Von Kopf bis Fuß auf Bio eingestellt

kloster-am-spitz-wein-weinzierl

Kloster am Spitz

Er nennt es liebevoll sein Baumhaus. Es ist seine Kommandozentrale, sein bevorzugter Zufluchtsort. Dort hat er die besten Ideen, von dort genießt er den freien Blick in die Natur.
Das Weingut von Thomas Schwarz ist eine einzige Idylle: Modern gestaltet, mit viel Holz und riesigen Glaswänden. Im Winter, wenn die Bäume nur wenige Blätter tragen, sieht er in der Ferne sogar ein kleines Stück des Neusiedlersees. Im Sommer hingegen ist er von Grün umgeben. Dann ist es wirklich ein Baumhaus – inmitten einer malerischen Anhöhe, direkt über der burgenländischen Stadt Purbach gelegen. Thomas Schwarz ist einer jener jungen Winzer, die in vielerlei Hinsicht andere Wege gehen. Bereits im Jahr 2005 hat er begonnen auf organisch-biologische Arbeitsweise umzustellen. Eine Reise, zurück zum Wesentlichen im Weinbau. Eine Rückbesinnung zur Natur.

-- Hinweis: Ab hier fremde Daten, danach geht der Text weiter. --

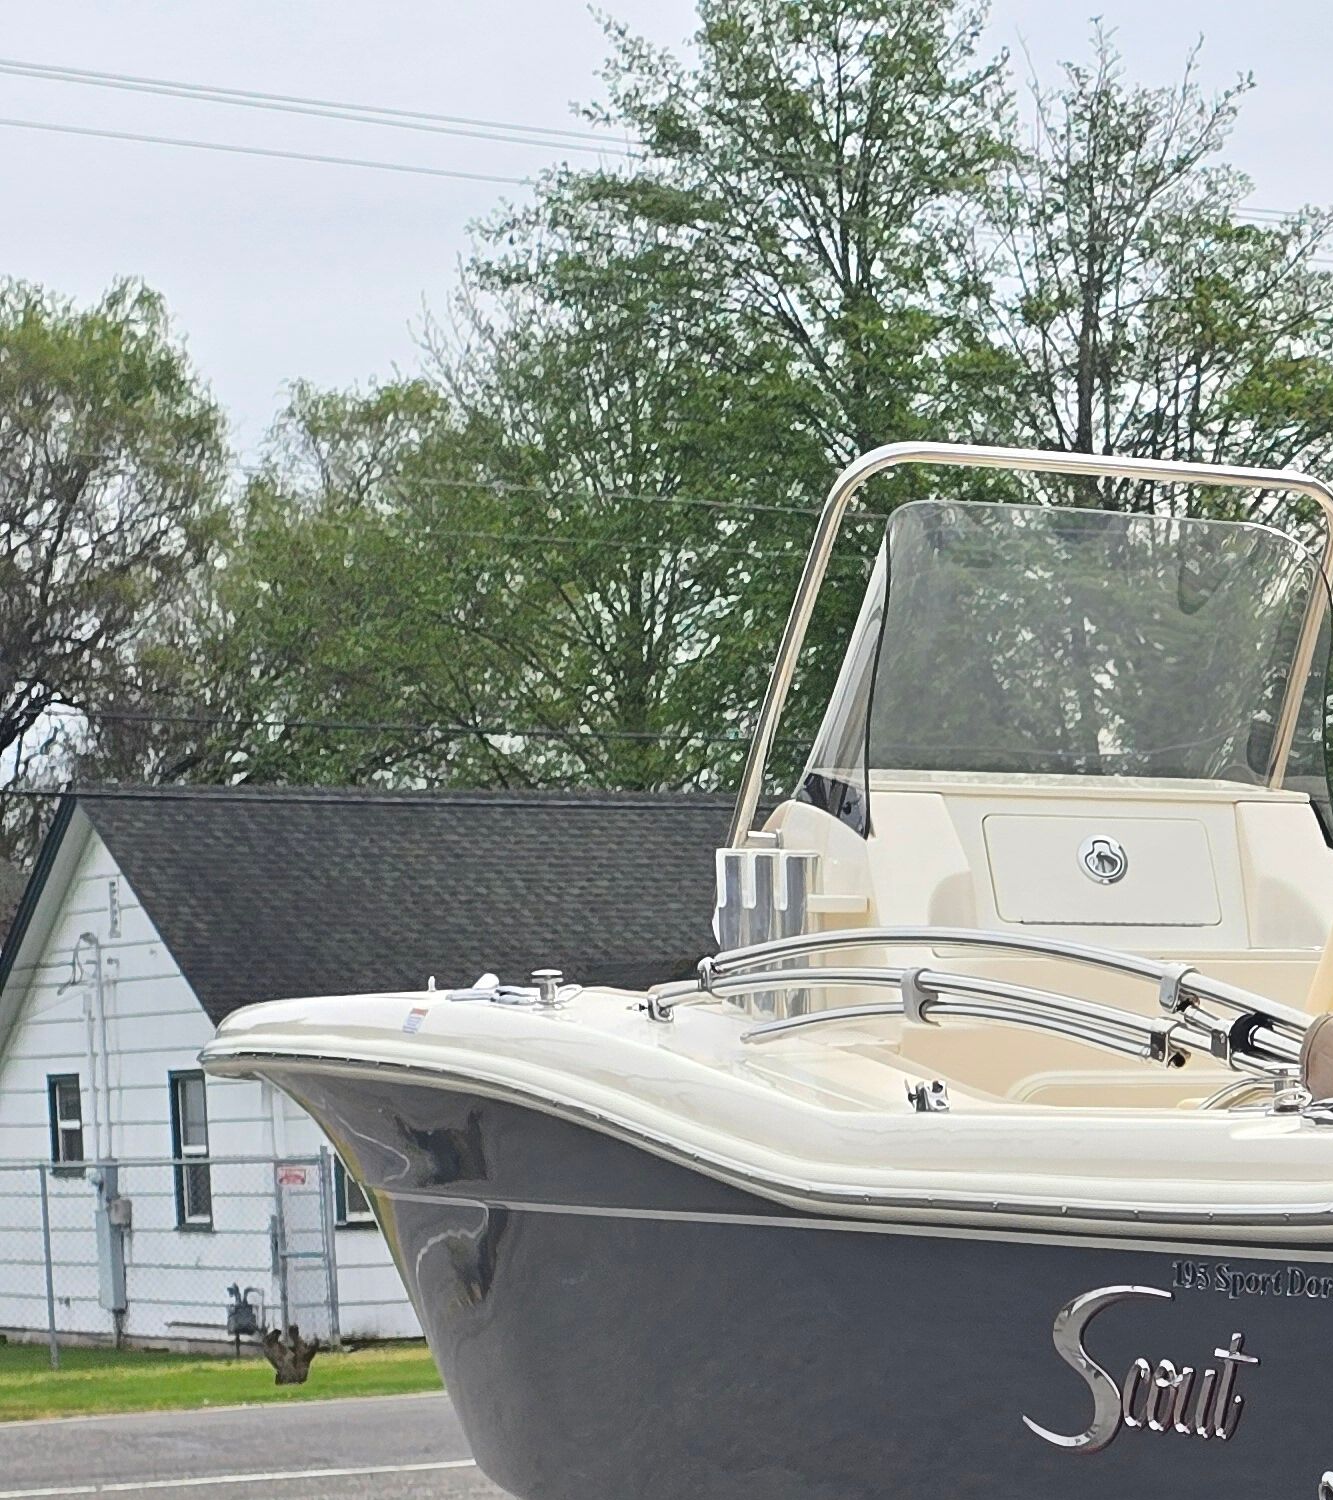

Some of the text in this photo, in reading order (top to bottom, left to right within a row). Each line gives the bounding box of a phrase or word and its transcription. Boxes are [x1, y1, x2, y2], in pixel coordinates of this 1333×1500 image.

[1172, 1260, 1210, 1290] 195
[1214, 1263, 1282, 1299] Sport
[1022, 1285, 1260, 1453] Scout

So sind es auch keine all zu modischen Weine, die Schwarz erzeugt. Keine Barrique- dominierten Kraft-Pakete oder gefällige Schmeichler, sondern Weine, die sich durch ihre klare, frische Frucht und ungeschminkte Mineralität auszeichnen. Finesse und Terroir-Ausdruck sind im wichtiger als beliebiger und verkaufsorientierter Mainstreamgeschmack. 2005 übernahm Thomas Schwarz das Weingut von seinen Eltern. Doch schon Jahre davor arbeitete er selbstständig im Keller und entwickelte als Winzer sukzessive im Weinbau seine eigene Handschrift. Dafür erhielt er von der Fachpresse bereits 2001 große Anerkennung. Ein wichtiger Motivationsschub, der auch die wachsende Gewissheit mit sich brachte, alte Sichtweisen über Bord werfen zu wollen. Deshalb reduzierte er Jahr für Jahr die Anzahl der Barrique-Fässer und kaufte große und nur leicht getoastete 500l-Eichenholzfässer.
In diesen Gebinden erzielt Schwarz aus seiner Sicht wesentlich stimmigere Ergebnisse.Wenn das Traubenmaterial gesund und gut ausgereift ist, geht es auch ohne viel Holz,
lautet seine Devise.

Er setzt auf lange Reifezeiten und nutzt geschickt die Vorteile des Mikroklimas in dieser Region. So sind die Lagen südöstlich vom Leithaberg von den kalten Nordwinden geschützt und vom feucht-warmen pannonischen Klima begünstigt. Gleichzeitig liegen sie im Schatten der nahen Wälder und sind so vor extremer Hitze behütet. Die Trauben können daher langsam reifen und erreichen weniger hohe Zuckerwerte als die wichtigere physiologische Reife. Auf diese Weise behalten die Weine eine kühle, elegante Stilistik und müssen im Keller nicht künstlich reduktiv ausgebaut werden. Schwarz lässt sie stattdessen in offenen Bottichen vergären und arbeitet mit langen Maischestandzeiten.